What we measure
We measure the number of enterococci bacteria in coastal water.
- Enterococci are bacteria that naturally occur in the gut of humans and animals as well as birds, fish and reptiles.
- In water used for swimming and other recreation, low counts of enterococci are acceptable, but too much contamination can cause gastroenteritis or infections of ears, eyes, nasal cavity, skin, and the upper respiratory tract.
- Enterococci are counted under the microscope as Colony Forming Units (cfu) per 100 mL.
- When enterococci are detected above 280 cfu per 100 mL (in two consecutive samples within 24 hours), swimming is not recommended.
Find out more about monitoring results here:
And enterococci testing here:
There are multiple testing programmes carried out at and around Ōwhiro Bay, all of which help us understand water quality and where any contamination is coming from.
Coastal waters testing
To assess whether Ōwhiro Bay beach is safe for swimming, on behalf of Greater Wellington Regional Council, we take measurements as part of the LAWA safe to swim sampling programme (which we call Baywatch). These samples are taken knee-deep in the sea (0.15 metres from the surface).

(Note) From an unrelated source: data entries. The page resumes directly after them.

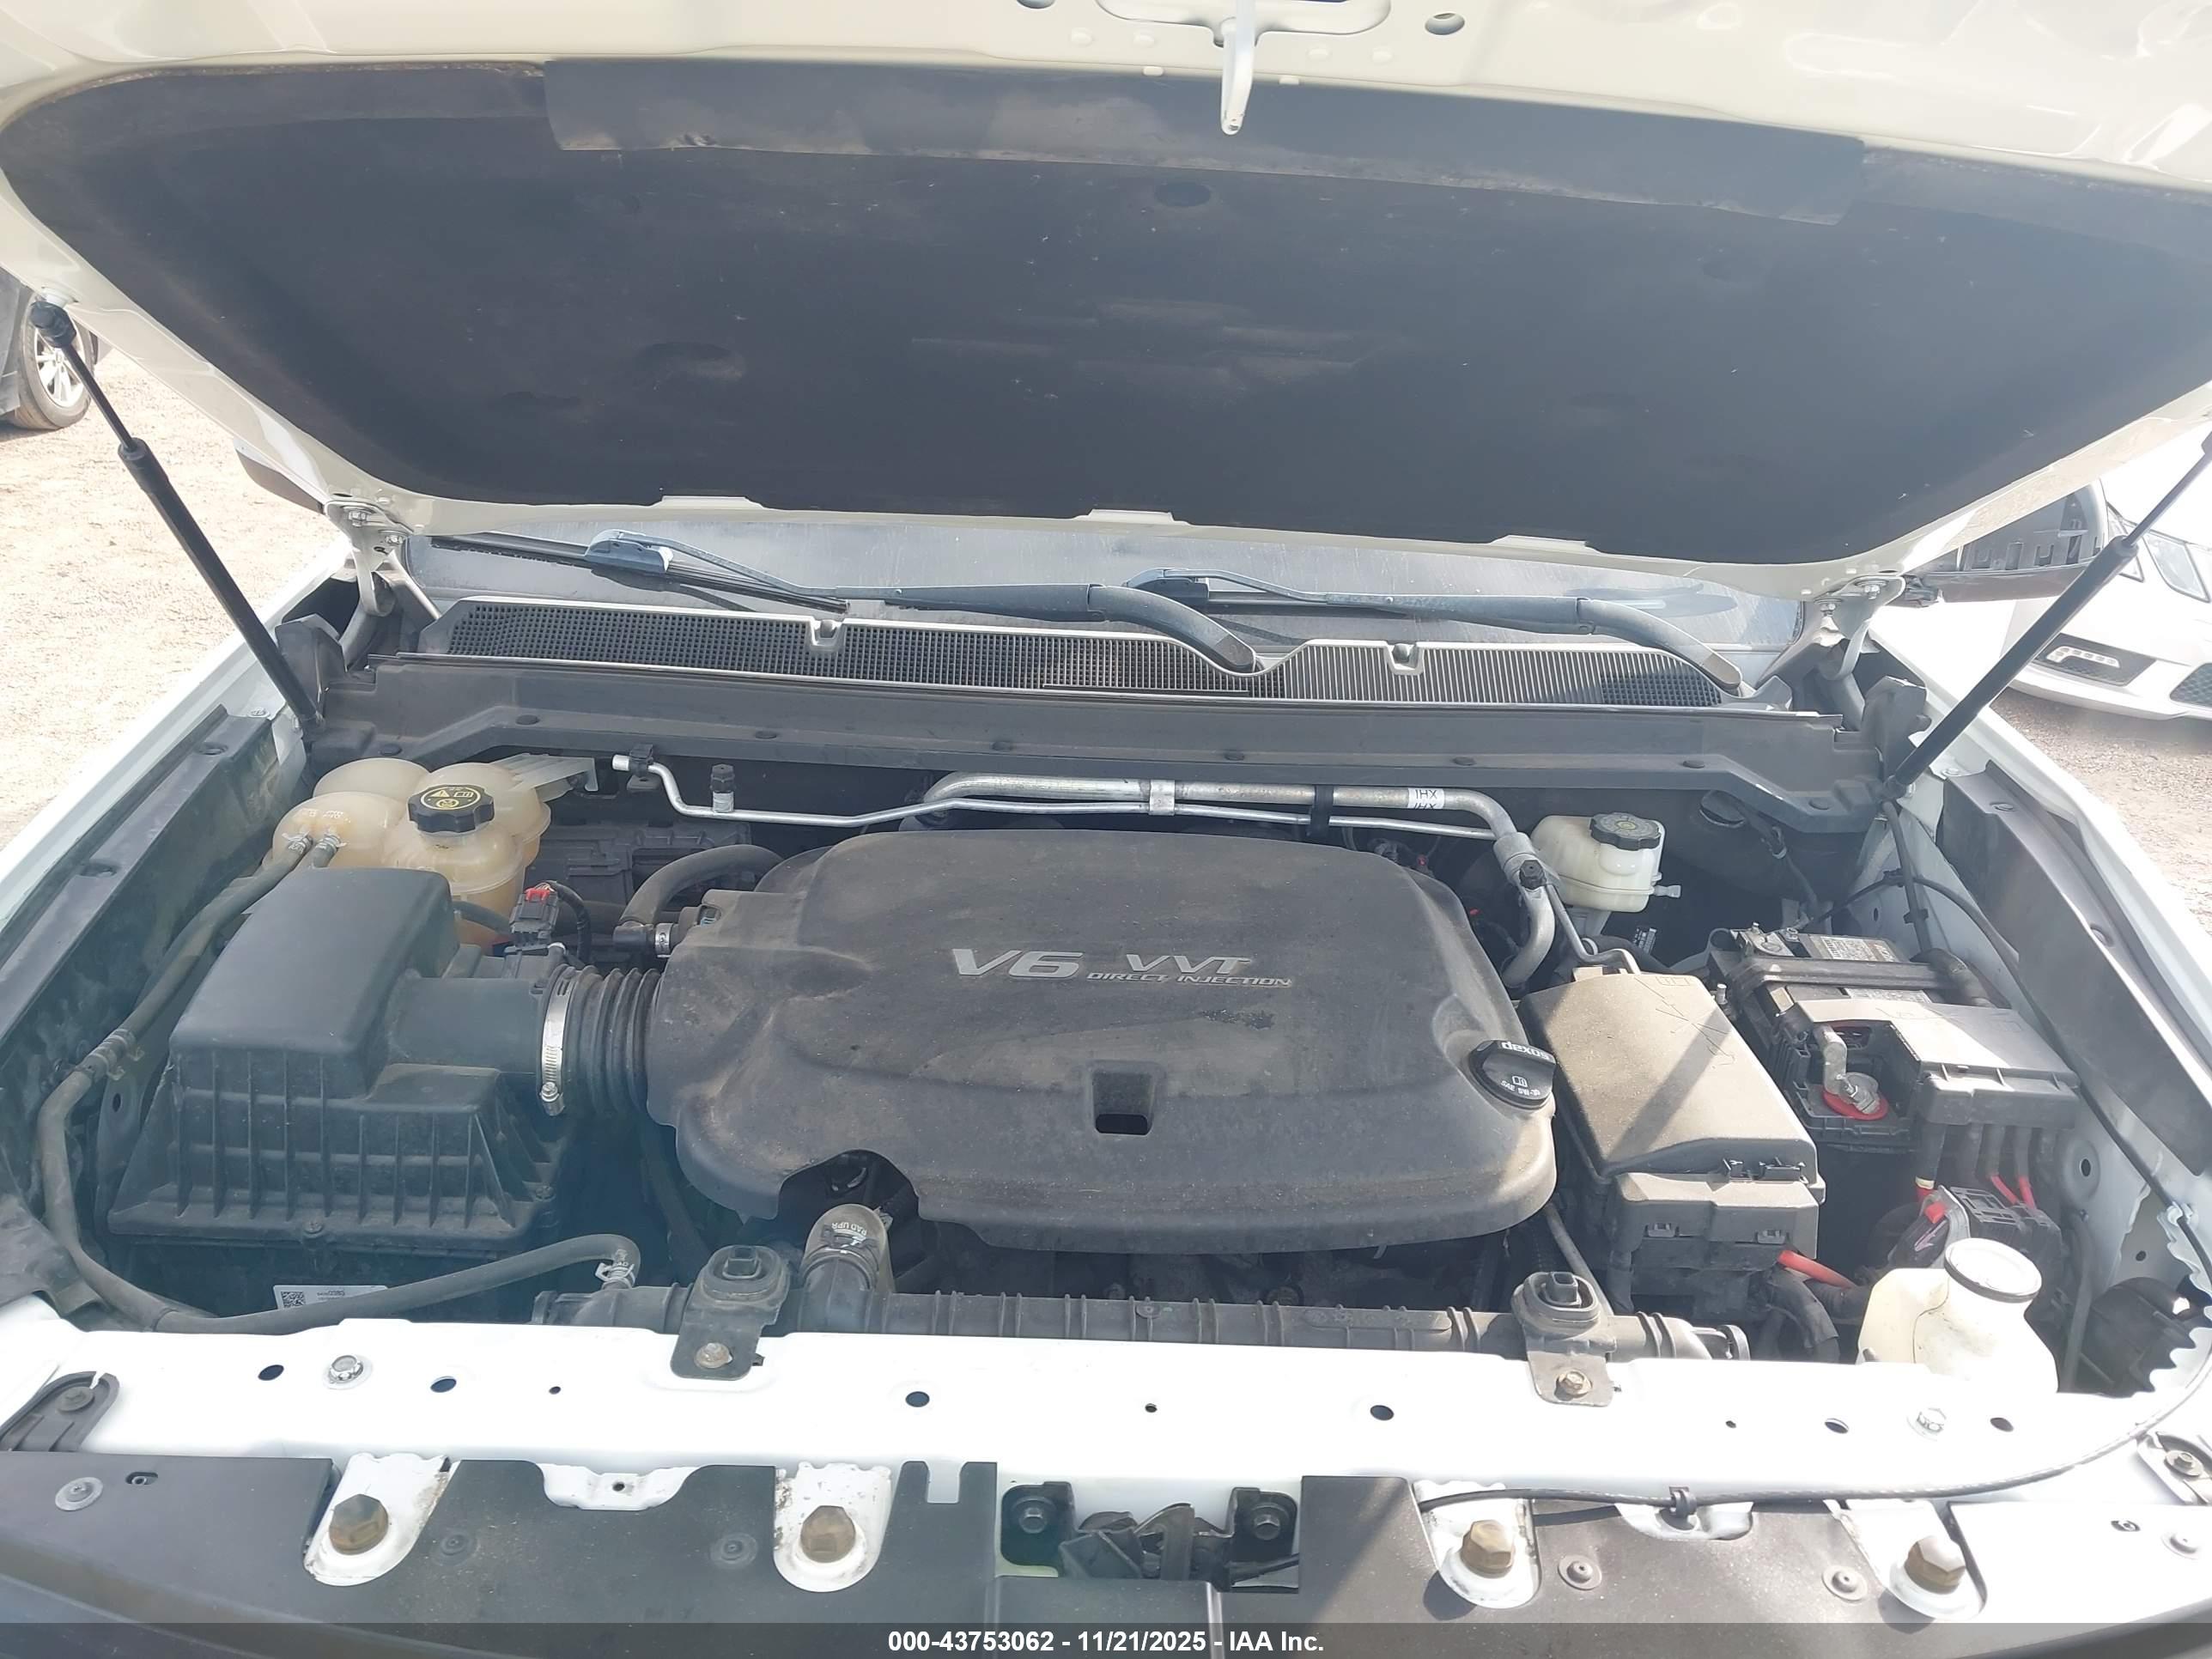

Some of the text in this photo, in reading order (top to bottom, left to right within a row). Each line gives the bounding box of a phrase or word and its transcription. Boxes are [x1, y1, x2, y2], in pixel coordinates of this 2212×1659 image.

[952, 948, 1253, 979] V6 VVT
[1086, 971, 1291, 988] DIRECT INJECTION
[1501, 1041, 1550, 1060] dexos
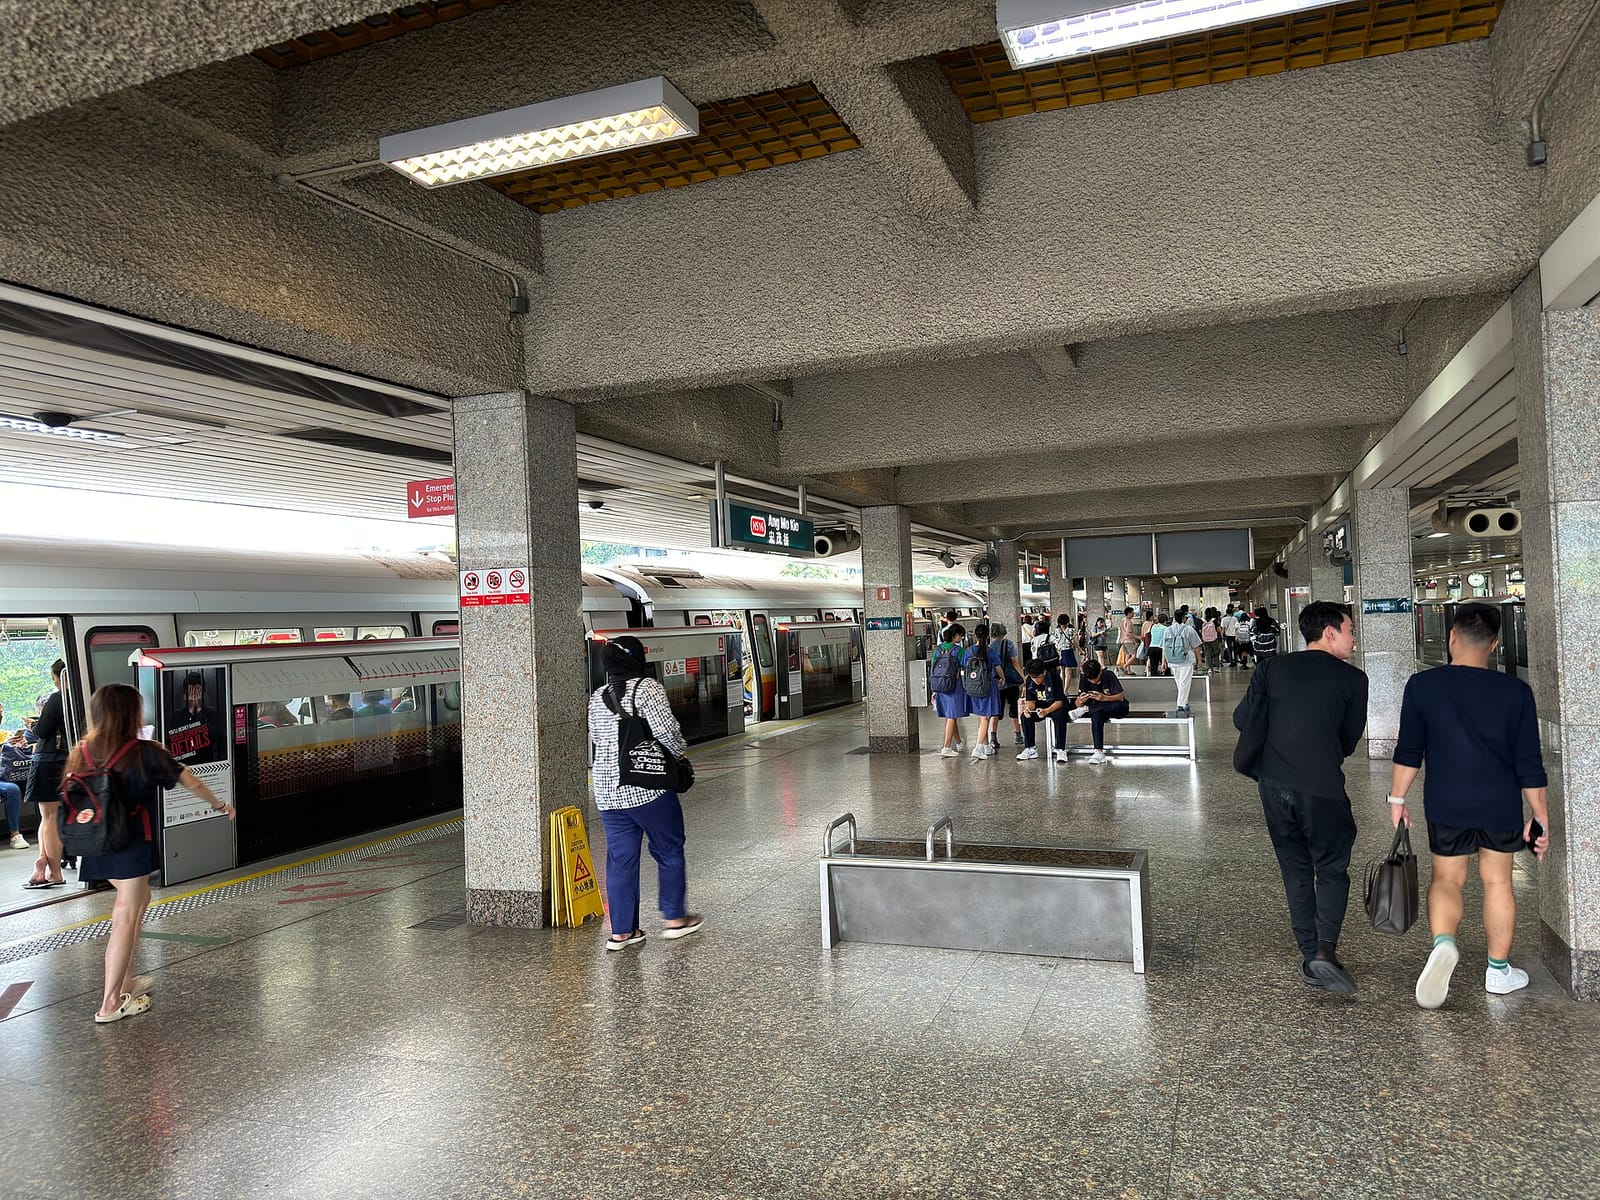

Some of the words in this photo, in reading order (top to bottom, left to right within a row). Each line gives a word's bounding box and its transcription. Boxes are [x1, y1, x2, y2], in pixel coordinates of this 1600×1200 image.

[426, 494, 442, 504] Stop
[768, 514, 780, 531] Ang
[780, 516, 789, 530] Mo
[790, 519, 799, 532] Kio
[170, 731, 210, 758] DETAILS
[637, 756, 661, 764] Class
[646, 763, 664, 771] 2021
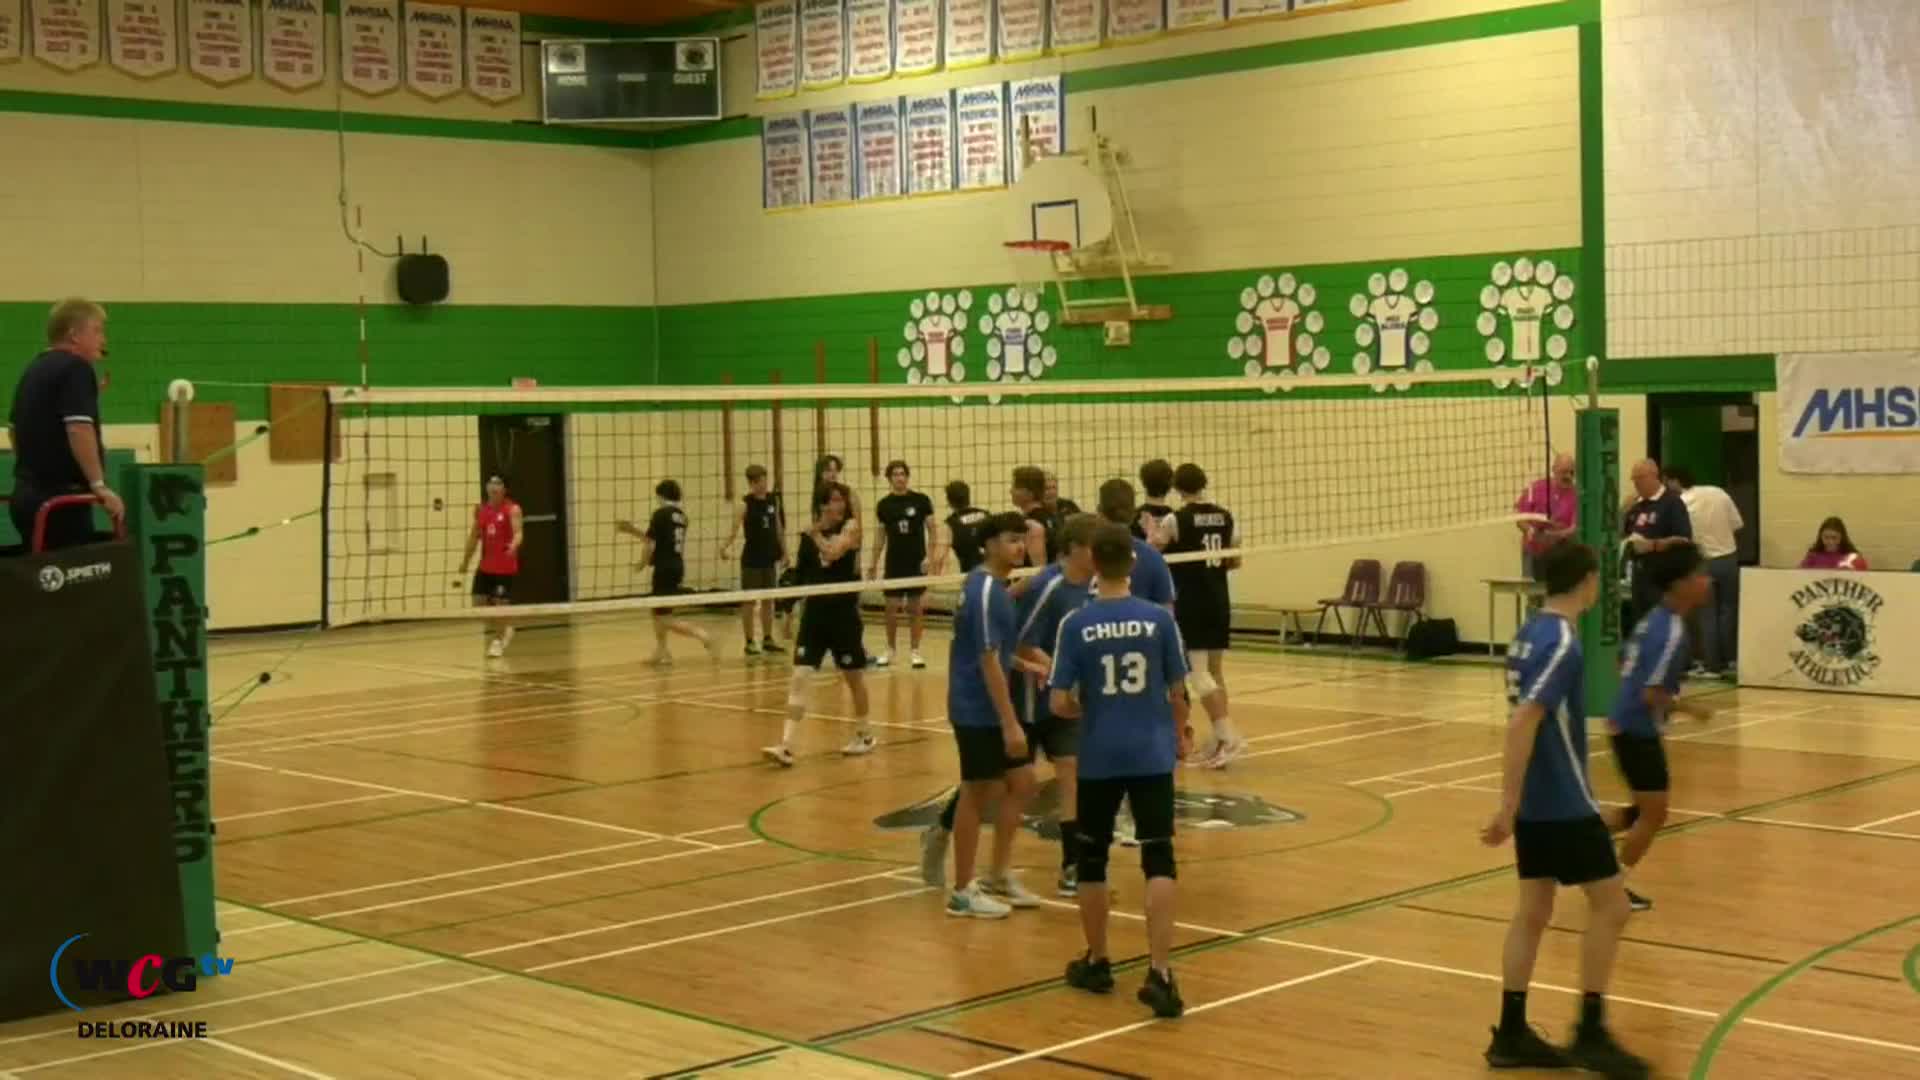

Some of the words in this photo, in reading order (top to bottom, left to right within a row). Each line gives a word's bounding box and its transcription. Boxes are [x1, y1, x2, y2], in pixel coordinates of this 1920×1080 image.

In summer these tests are taken weekly and in winter they are taken fortnightly.
Dry weather recreational testing standards are:
- Green: <140
- Amber alert: 140> (re-test)
- Red alert: 280> (re-test, open signs and public warnings)
We also take samples from Ōwhiro Bay stream at:
- the Happy Valley Tip and below it,
- Happy Valley Tip Bridge
- Lower Careys Gully
- Maori Gully
- 3 sites near the Ōwhiro Stream Mouth
- Ōwhiro Bay parade (coastal)
Some of these are taken for the Global Stormwater Consent (GSC) and others are used for investigation purposes. They are collected and analysed by an independent lab to the satisfaction of the regulator, Greater Wellington Regional Council. The most recent annual report is available on the Wellington Water website.